The Company accounts for uncertain tax positions in accordance with the provisions of ASC 740. When uncertain tax positions exist, the Company recognizes the tax benefit of tax positions to the extent that the benefit would more likely than not be realized assuming examination by the taxing authority. The determination as to whether the tax benefit will more likely than not be realized is based upon the technical merits of the tax position as well as consideration of the available facts and circumstances. The Company has no uncertain tax positions as of June 30, 2023 and December 31, 2022 that qualify for either recognition or disclosure in the condensed consolidated financial statements under this guidance.
The Company’s policy is to classify assessments, if any, for tax related interest as interest expense and penalties as general and administrative expenses in the condensed consolidated statements of operations. There were no amounts accrued for interest or penalties for the three and six months ended June 30, 2023 and 2022.
Comprehensive Loss
Comprehensive loss is equal to net loss as presented in the condensed consolidated statements of operations, as the Company did not have any material other comprehensive income or loss for the periods presented.
Spectral MD Holdings, Ltd.
Notes to Unaudited Financial Statements
Net Loss per Share of Common Stock
Basic net loss share of common stock is computed by dividing the net loss attributable to common stockholders by the weighted-average number of shares of common stock outstanding during the period. Diluted net loss per share of common stock adjusts basic earnings per share for the potentially dilutive impact of unvested restricted stock, stock options and warrants. Dilutive securities having an anti-dilutive effect on diluted net earnings per share are excluded from the calculation. The dilutive effect of the unvested restricted stock and stock options is calculated using the treasury stock method. For warrants that are liability-classified, during periods when the impact is dilutive, the Company assumes share settlement of the instruments as of the beginning of the reporting period and adjusts the numerator to remove the change in fair value of the warrant liability and adjusts the denominator to include the dilutive shares calculated using the treasury stock method.

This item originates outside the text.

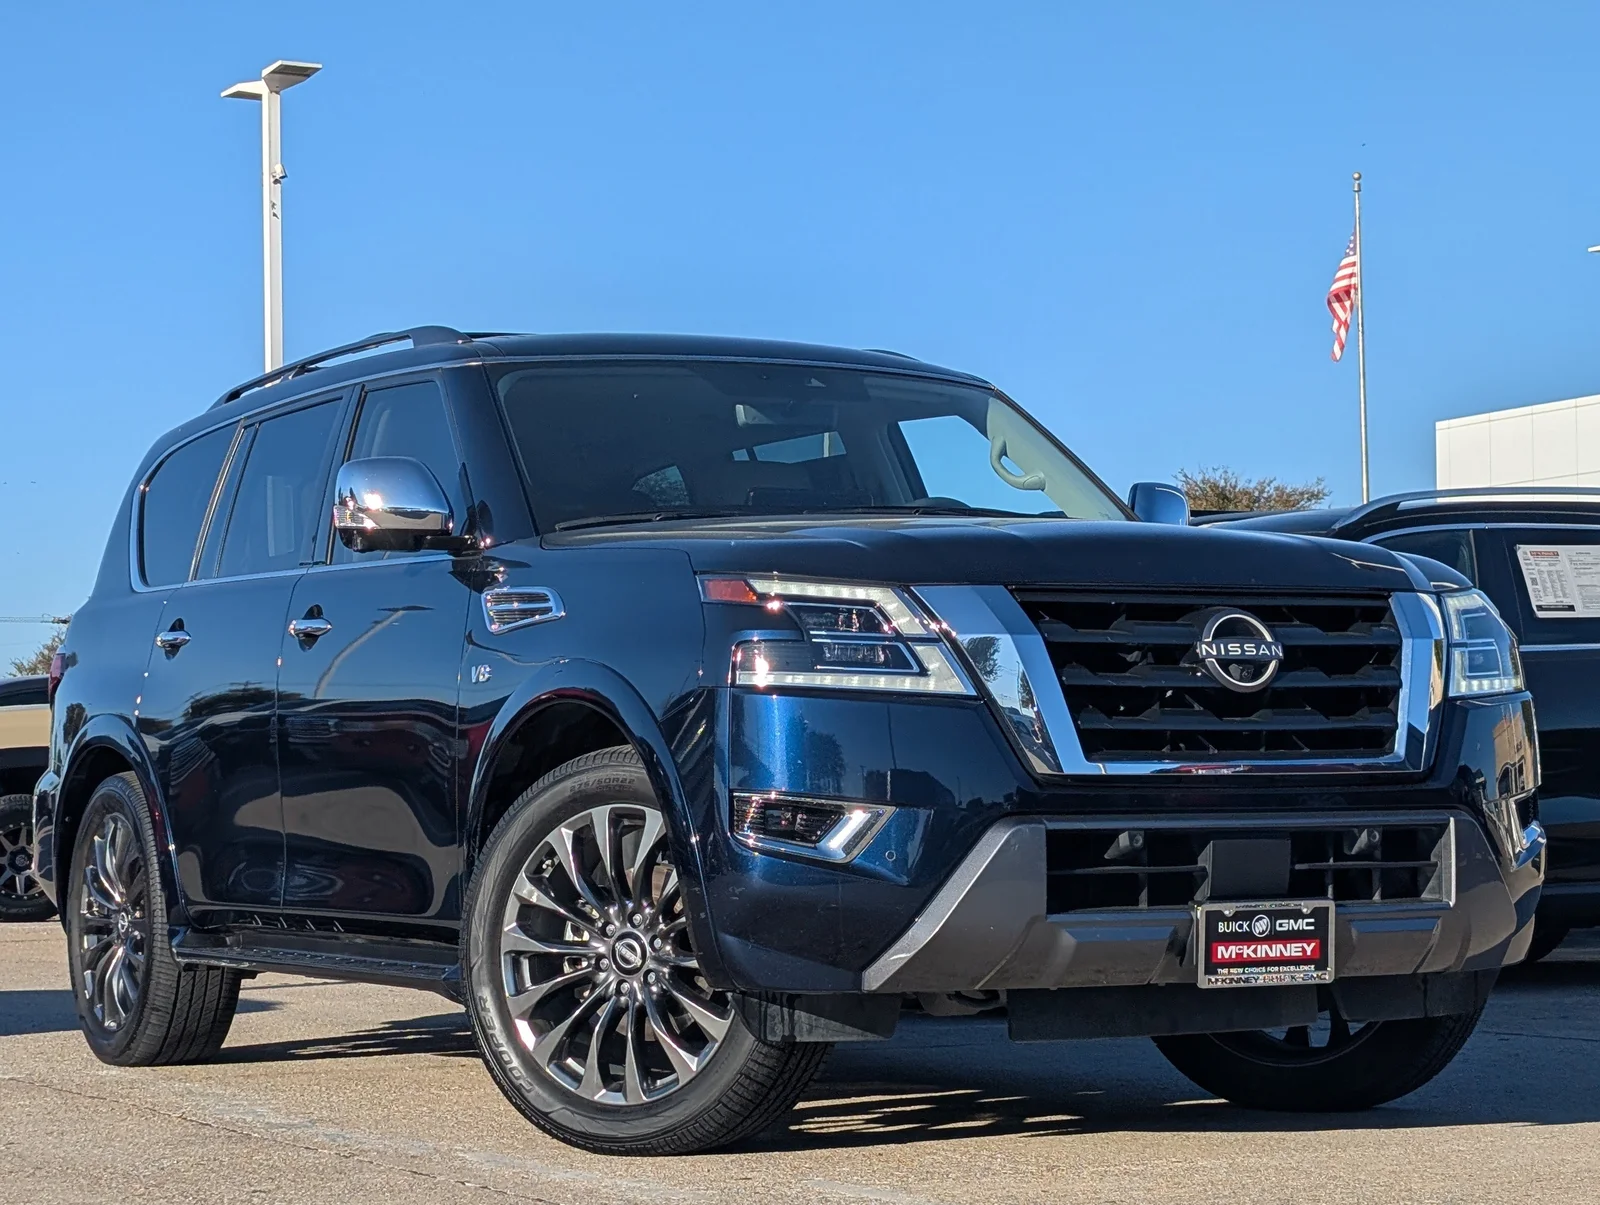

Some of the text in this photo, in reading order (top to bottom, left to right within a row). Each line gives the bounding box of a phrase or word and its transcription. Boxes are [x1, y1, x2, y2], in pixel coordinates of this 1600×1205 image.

Recently Adopted Accounting Standards
In June 2016, the FASB issued ASU No. 2016-13, Financial Instruments – Credit Losses, which was subsequently amended by ASU 2018-19 and ASU 2019-10. This standard requires the measurement of expected credit losses for financial instruments carried at amortized cost held at the reporting date based on historical experience, current conditions and reasonable forecasts. The updated guidance also amends the current other-than-temporary impairment model for available-for-sale debt securities by requiring the recognition of impairments relating to credit losses through an allowance account and limits the amount of credit loss to the difference between a security’s amortized cost basis and its fair value. In addition, the length of time a security has been in an unrealized loss position will no longer impact the determination of whether a credit loss exists. The main objective of this ASU is to provide financial statement users with more decision-useful information about the expected credit losses on financial instruments and other commitments to extend credit held by a reporting entity at each reporting date. The Company adopted this standard on January 1, 2023, with no impact on its condensed consolidated financial statements and related disclosures.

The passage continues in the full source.